* About this exercise: At the line that includes "this 2352×1568 image.", begin writing out the entries below exactly, and continue through the last line without adding anything.

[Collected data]

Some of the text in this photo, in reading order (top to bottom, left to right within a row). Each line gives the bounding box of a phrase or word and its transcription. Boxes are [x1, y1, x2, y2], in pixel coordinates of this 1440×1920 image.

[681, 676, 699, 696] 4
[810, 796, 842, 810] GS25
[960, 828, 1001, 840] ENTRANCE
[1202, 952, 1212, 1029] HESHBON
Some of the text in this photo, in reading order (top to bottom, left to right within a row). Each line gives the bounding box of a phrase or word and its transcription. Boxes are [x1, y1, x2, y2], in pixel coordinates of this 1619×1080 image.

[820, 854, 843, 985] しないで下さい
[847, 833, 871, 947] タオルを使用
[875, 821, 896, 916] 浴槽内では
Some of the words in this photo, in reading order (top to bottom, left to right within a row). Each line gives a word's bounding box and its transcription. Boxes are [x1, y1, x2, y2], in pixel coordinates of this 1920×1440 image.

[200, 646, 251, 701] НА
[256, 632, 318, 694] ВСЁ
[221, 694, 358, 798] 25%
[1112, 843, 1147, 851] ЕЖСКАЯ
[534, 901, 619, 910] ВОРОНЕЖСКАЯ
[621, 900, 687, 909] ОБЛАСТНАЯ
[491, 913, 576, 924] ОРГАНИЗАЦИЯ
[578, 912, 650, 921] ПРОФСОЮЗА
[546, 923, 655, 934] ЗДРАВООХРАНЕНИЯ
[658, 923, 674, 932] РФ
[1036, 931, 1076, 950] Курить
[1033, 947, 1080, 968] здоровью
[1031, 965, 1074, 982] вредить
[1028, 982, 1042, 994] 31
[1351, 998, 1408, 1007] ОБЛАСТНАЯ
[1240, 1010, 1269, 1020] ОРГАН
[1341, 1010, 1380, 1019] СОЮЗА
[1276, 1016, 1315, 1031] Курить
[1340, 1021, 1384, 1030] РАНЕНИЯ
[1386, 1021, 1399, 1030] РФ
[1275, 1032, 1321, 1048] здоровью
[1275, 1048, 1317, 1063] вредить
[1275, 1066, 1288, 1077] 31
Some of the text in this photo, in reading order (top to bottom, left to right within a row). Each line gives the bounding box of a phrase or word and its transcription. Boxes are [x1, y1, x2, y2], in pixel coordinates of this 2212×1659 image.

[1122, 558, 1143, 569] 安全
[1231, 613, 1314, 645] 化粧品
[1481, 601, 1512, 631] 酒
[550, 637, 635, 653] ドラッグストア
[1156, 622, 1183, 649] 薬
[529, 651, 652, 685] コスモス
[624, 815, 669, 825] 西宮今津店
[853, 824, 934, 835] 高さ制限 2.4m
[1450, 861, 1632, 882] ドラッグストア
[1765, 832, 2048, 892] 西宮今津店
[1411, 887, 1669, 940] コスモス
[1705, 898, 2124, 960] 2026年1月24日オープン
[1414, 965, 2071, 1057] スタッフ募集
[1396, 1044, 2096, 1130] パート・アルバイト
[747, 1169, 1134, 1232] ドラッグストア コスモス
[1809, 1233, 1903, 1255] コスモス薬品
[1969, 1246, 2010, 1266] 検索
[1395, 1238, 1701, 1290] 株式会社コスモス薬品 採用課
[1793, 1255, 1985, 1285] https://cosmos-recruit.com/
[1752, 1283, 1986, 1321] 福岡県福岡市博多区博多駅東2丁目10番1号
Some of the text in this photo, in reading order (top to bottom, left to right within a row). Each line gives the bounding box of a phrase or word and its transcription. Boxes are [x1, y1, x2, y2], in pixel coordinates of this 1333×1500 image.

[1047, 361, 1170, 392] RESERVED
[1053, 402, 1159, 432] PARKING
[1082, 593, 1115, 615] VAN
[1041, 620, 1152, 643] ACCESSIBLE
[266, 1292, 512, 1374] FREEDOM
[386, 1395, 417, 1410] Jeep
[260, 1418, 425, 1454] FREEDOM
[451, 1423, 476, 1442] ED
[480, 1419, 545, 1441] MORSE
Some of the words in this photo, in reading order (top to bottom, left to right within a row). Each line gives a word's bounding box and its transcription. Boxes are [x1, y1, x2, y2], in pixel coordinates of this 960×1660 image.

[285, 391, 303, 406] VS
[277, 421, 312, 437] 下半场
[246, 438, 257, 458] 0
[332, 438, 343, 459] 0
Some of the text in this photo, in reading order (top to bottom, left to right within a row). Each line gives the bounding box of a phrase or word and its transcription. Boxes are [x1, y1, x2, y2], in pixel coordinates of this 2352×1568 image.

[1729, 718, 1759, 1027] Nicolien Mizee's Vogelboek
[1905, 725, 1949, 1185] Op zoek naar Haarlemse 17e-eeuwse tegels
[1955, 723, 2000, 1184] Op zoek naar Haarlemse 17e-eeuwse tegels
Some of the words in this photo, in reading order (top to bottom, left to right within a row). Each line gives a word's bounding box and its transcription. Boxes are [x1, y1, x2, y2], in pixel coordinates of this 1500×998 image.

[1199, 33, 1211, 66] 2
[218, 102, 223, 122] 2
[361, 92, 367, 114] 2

* Solution for this exercise:
Some of the text in this photo, in reading order (top to bottom, left to right within a row). Each line gives the bounding box of a phrase or word and its transcription. Boxes are [x1, y1, x2, y2], in pixel coordinates of this 2352×1568 image.

[1729, 718, 1759, 1027] Nicolien Mizee's Vogelboek
[1905, 725, 1949, 1185] Op zoek naar Haarlemse 17e-eeuwse tegels
[1955, 723, 2000, 1184] Op zoek naar Haarlemse 17e-eeuwse tegels
Some of the words in this photo, in reading order (top to bottom, left to right within a row). Each line gives a word's bounding box and its transcription. Boxes are [x1, y1, x2, y2], in pixel coordinates of this 1500×998 image.

[1199, 33, 1211, 66] 2
[218, 102, 223, 122] 2
[361, 92, 367, 114] 2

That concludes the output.